Levine on Wall Street: Breadstick Wars and Oil Hedges
The Great Breadsticks Battle of 2014 has been won.
On Friday, Starboard Value won its proxy fight at Darden Restaurants, replaced the entire board, and immediately got to work with a novelty oversized salt shaker fixing Olive Garden's pasta water. Here is Matt Yglesias echoing David Dayen in saying that the vote was not so much about pasta-water salting and unlimited-breadstick timing, but rather about whether Darden should spin out its real estate to make a quick buck for shareholders at the expense of employees. That's a reasonable interpretation, and I'm not close enough to the situation to know why shareholders actually voted the way they did, but I kind of like the third possibility. This is that Darden's old directors were voted out not for their culinary sins or their real-estate conservatism but rather because they made their disdain for shareholders clear by selling Red Lobster without a shareholder vote. (That, for instance, is why ISS and Glass Lewis recommended that shareholders vote against the incumbent board.) Perhaps this is not a story about the evils of capitalism, or about the evils of inauthentic deep-fried pseudo-Italian casual dining, but a story about shareholders who wanted their board to listen to them and who felt aggrieved and betrayed when the board ignored them. It's a story about feelings.
Possibly related, here are some materials from Ted Mirvis, a partner at Wachtell Lipton, about how activists are "short-term horizon shareholders" and how they shouldn't bother corporate boards in their important work. Wachtell Lipton -- where I used to work -- advised Darden's board. Its former board I mean.
Dutch pensions are good.
What rate should you use to discount pension obligations? Oh, I don't know, they're so far away, 8 percent seems like a reasonable number, and it means we don't have to put too much money into the pension today, let's go with that. That is roughly the American approach. The Dutch approach is apparently to use government bond rates, and then fund 105 percent of the number you get. So people feel good about Dutch pension funding. On the other hand:
American public pension funds have no such minimum requirement, and even if they did, there is no regulator to enforce it. Company pensions are bound by federal funding rules, but Congress has a tendency to soften them.
If you were starting from scratch and trying to figure out how to regulate Americans' financial lives, probably "use reasonable discount rates to fund defined-benefit pension obligations" would be pretty high on the list, right? Like way, way, way, way, way ahead of "go after people who trade options based on stuff their friends' roommates told them." But obviously the regulation of Americans' financial lives is not solely (primarily?) about making those financial lives better; there is a lot of convenience and symbolism and multiple sovereignties at issue. It would be mean to tell public pensions to fund themselves properly!
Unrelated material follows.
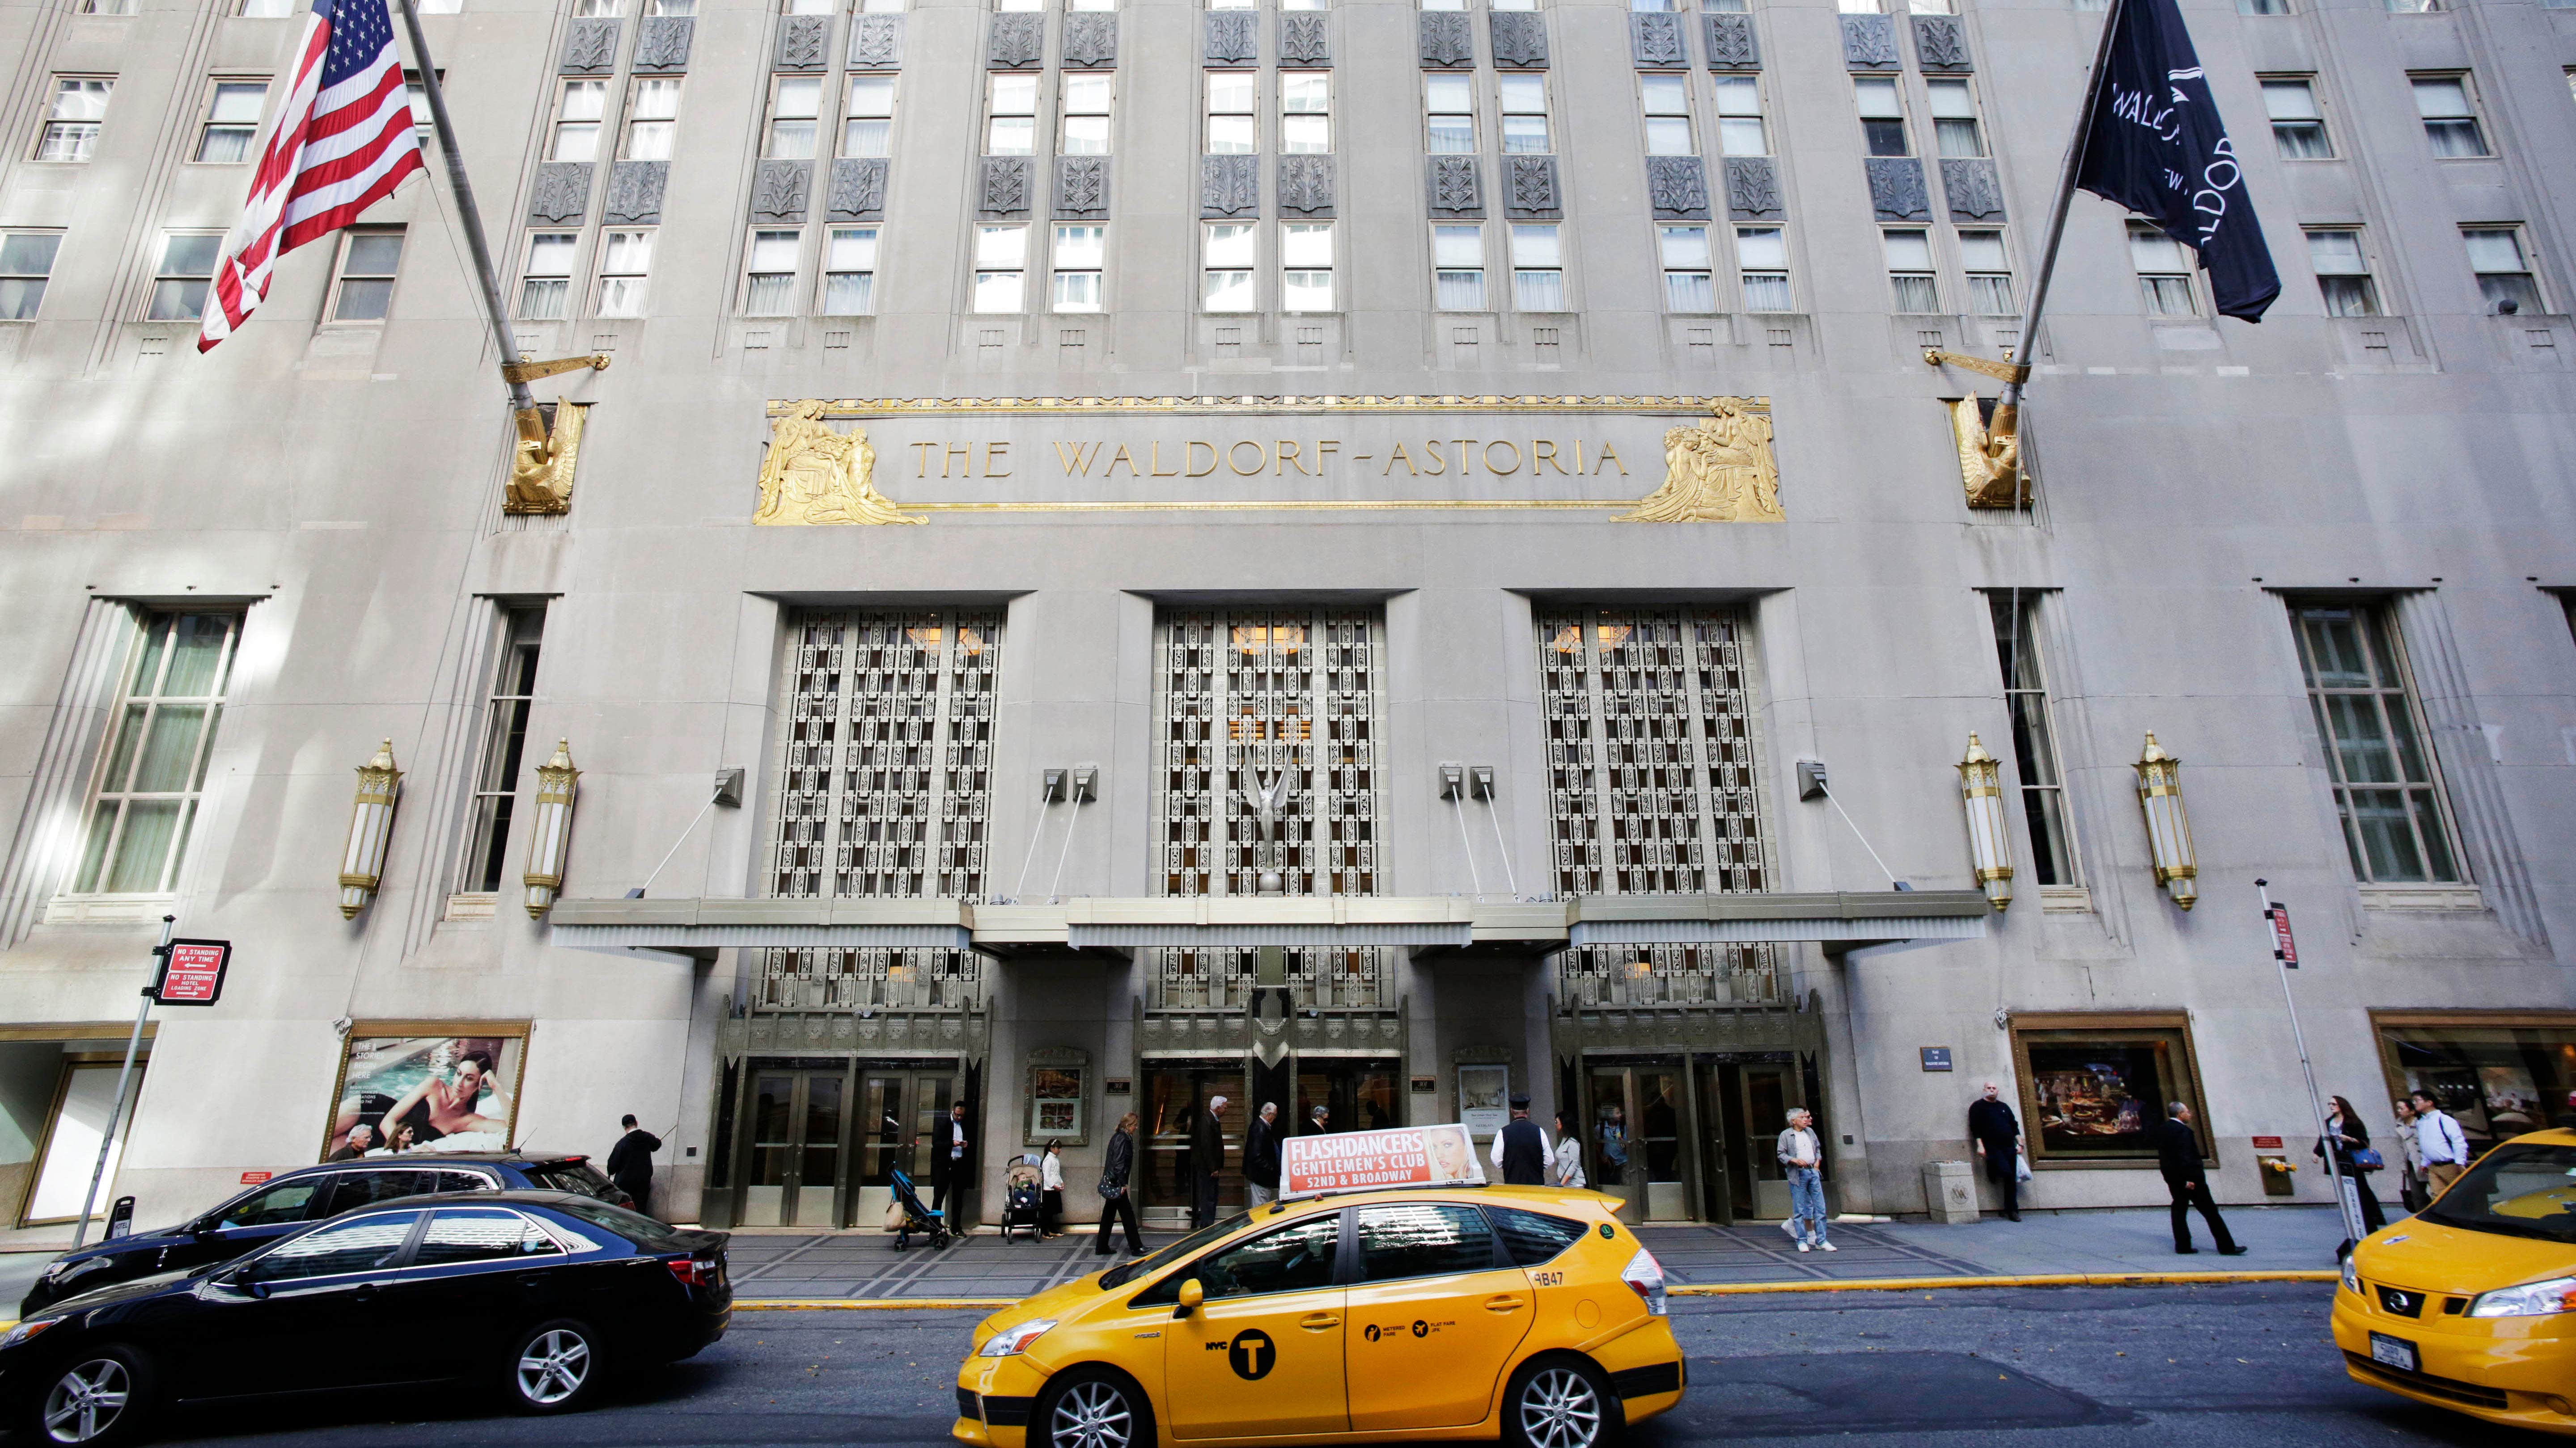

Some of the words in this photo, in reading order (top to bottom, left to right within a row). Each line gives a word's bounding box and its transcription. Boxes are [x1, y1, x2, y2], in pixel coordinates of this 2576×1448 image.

So you do other things.
It's hard to hedge your hedging.
Here's sort of a sad story about Mexico's oil hedging. Mexico produces a lot of oil, and that oil funds one-third of the country's budget. The budget is based on $83 a barrel oil, and Mexico hedges the price by buying put options. But it basically just started this year's hedging program when the price of oil fell and volatility rose, meaning that Mexico has to either pay more for put options, hedge at a lower price, or stop hedging:
“They have a dilemma: do they recalculate their balances with a lower price, which is a highly politically charged move, or do they sit tight and hope for the better?” said Pierre Lacaze of LCM Commodities, an oil options broker.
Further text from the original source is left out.